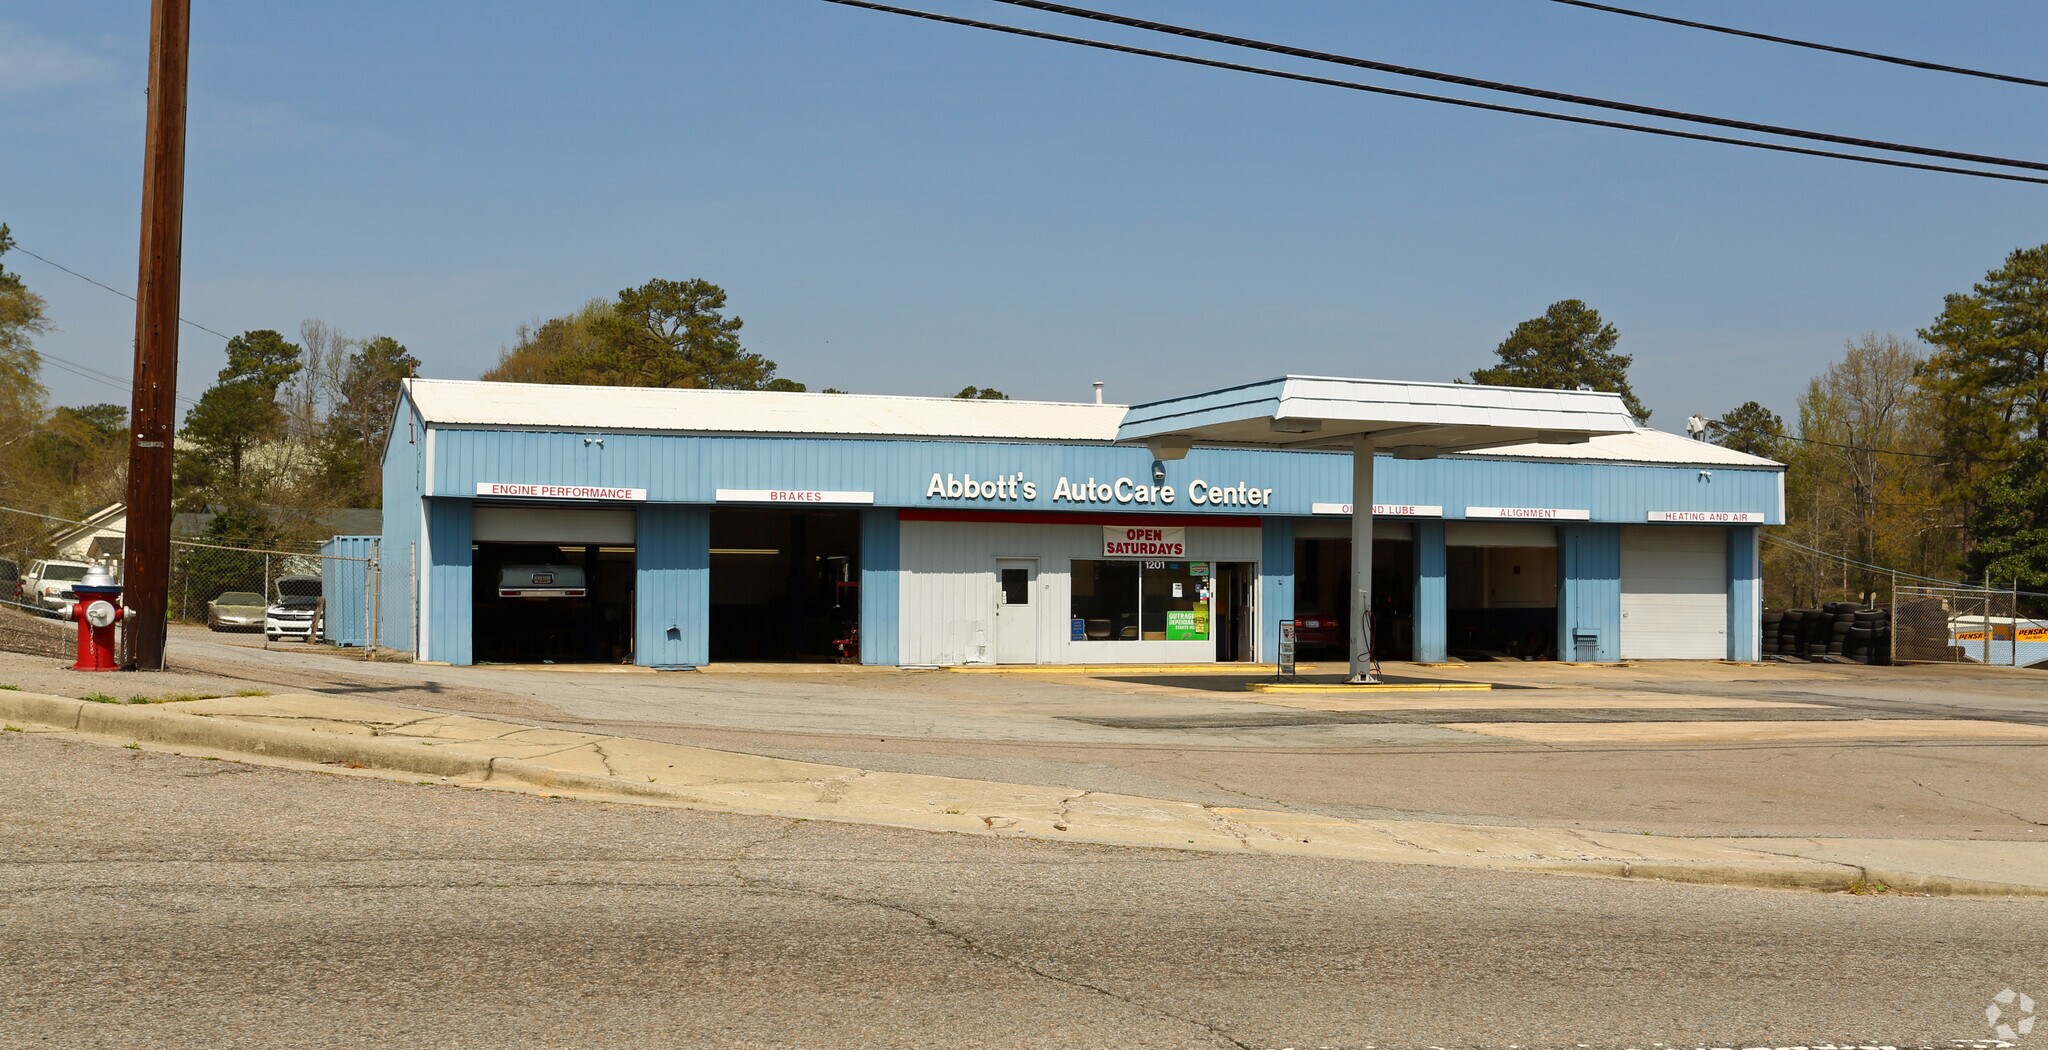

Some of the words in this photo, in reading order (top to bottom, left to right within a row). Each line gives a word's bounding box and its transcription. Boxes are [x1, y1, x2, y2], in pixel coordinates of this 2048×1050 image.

[492, 484, 538, 496] ENGINE
[541, 486, 632, 499] PERFORMANCE
[926, 472, 1037, 501] Abbott's
[1053, 477, 1175, 504] AutoCare
[1188, 479, 1272, 506] Center
[770, 491, 821, 501] BRAKES
[1342, 505, 1353, 514] OI
[1372, 506, 1385, 514] ND
[1389, 506, 1415, 515] LUBE
[1500, 509, 1557, 518] ALIGNMENT
[1665, 512, 1705, 521] HEATING
[1709, 513, 1729, 521] AND
[1733, 513, 1748, 522] AIR
[1126, 528, 1162, 541] OPEN
[1107, 542, 1183, 555] SATURDAYS
[1145, 561, 1165, 570] 1201
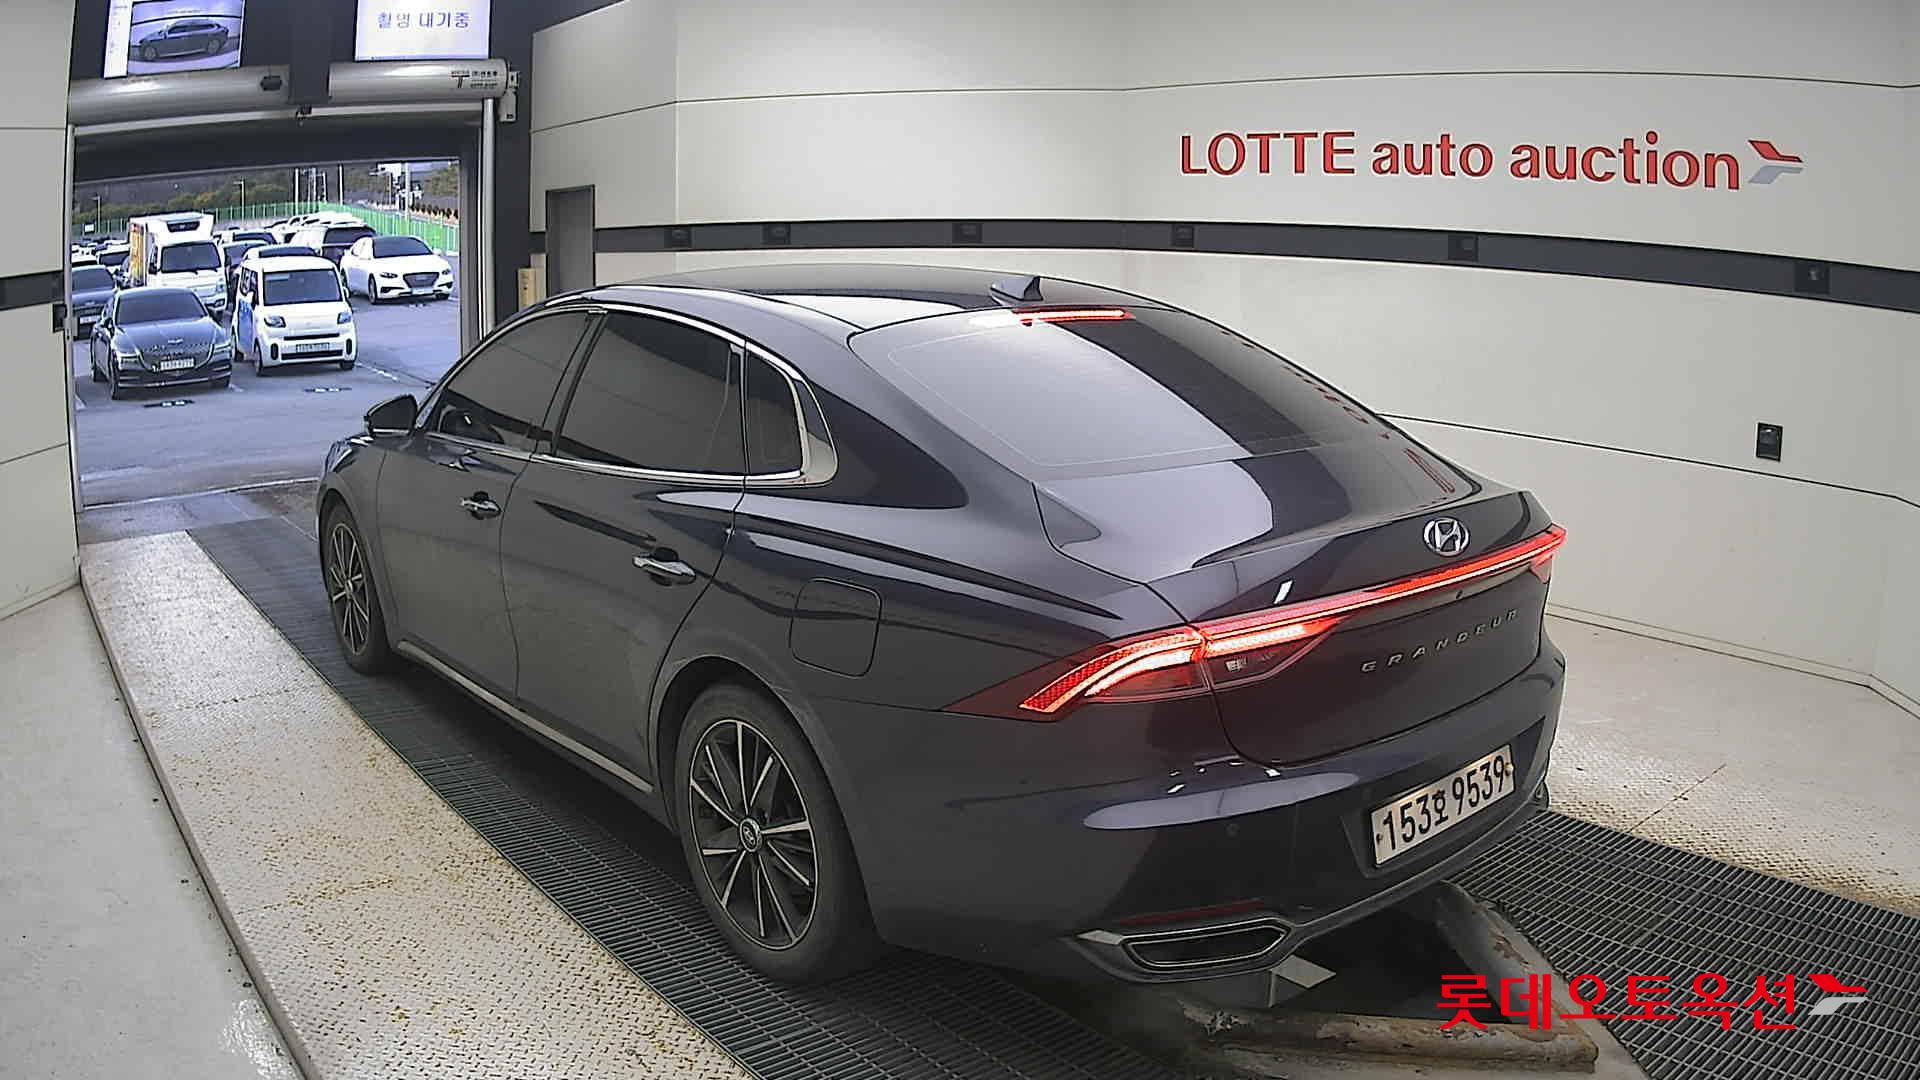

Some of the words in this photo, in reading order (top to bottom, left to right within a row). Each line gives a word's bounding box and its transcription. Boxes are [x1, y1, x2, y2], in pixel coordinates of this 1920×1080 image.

[419, 11, 471, 29] 대기중
[1180, 131, 1357, 176] LOTTE
[1371, 133, 1494, 178] auto
[1509, 131, 1740, 190] auction
[1361, 608, 1519, 673] GRANDEUR
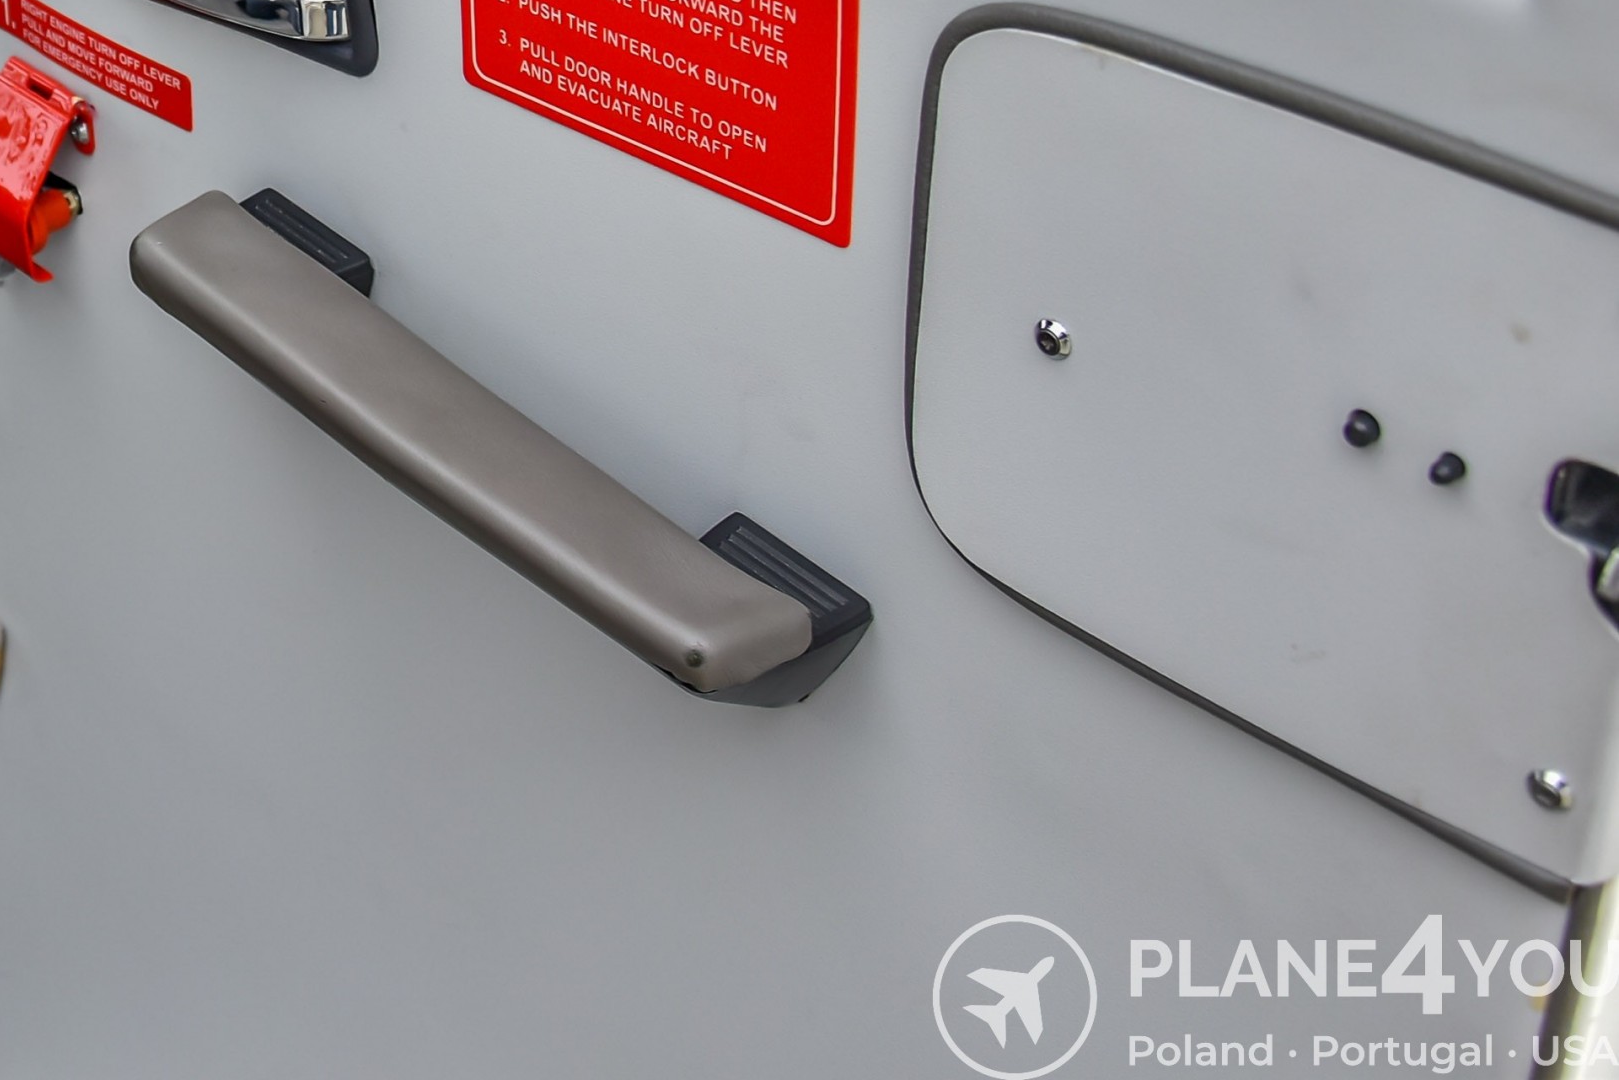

● ● ●

* **Your task**:
Without including any picture, set down every line above exactly as it stands.

* **Written reply**:
Some of the words in this photo, in reading order (top to bottom, left to right within a row). Each line gives a word's bounding box and its transcription. Boxes are [x1, y1, x2, y2], in pixel coordinates of this 2048×1050 image.

[492, 484, 538, 496] ENGINE
[541, 486, 632, 499] PERFORMANCE
[926, 472, 1037, 501] Abbott's
[1053, 477, 1175, 504] AutoCare
[1188, 479, 1272, 506] Center
[770, 491, 821, 501] BRAKES
[1342, 505, 1353, 514] OI
[1372, 506, 1385, 514] ND
[1389, 506, 1415, 515] LUBE
[1500, 509, 1557, 518] ALIGNMENT
[1665, 512, 1705, 521] HEATING
[1709, 513, 1729, 521] AND
[1733, 513, 1748, 522] AIR
[1126, 528, 1162, 541] OPEN
[1107, 542, 1183, 555] SATURDAYS
[1145, 561, 1165, 570] 1201

Some of the words in this photo, in reading order (top to bottom, left to right within a row). Each line gives a word's bounding box and its transcription. Boxes are [x1, y1, x2, y2], in pixel coordinates of this 1920×1080 image.

[419, 11, 471, 29] 대기중
[1180, 131, 1357, 176] LOTTE
[1371, 133, 1494, 178] auto
[1509, 131, 1740, 190] auction
[1361, 608, 1519, 673] GRANDEUR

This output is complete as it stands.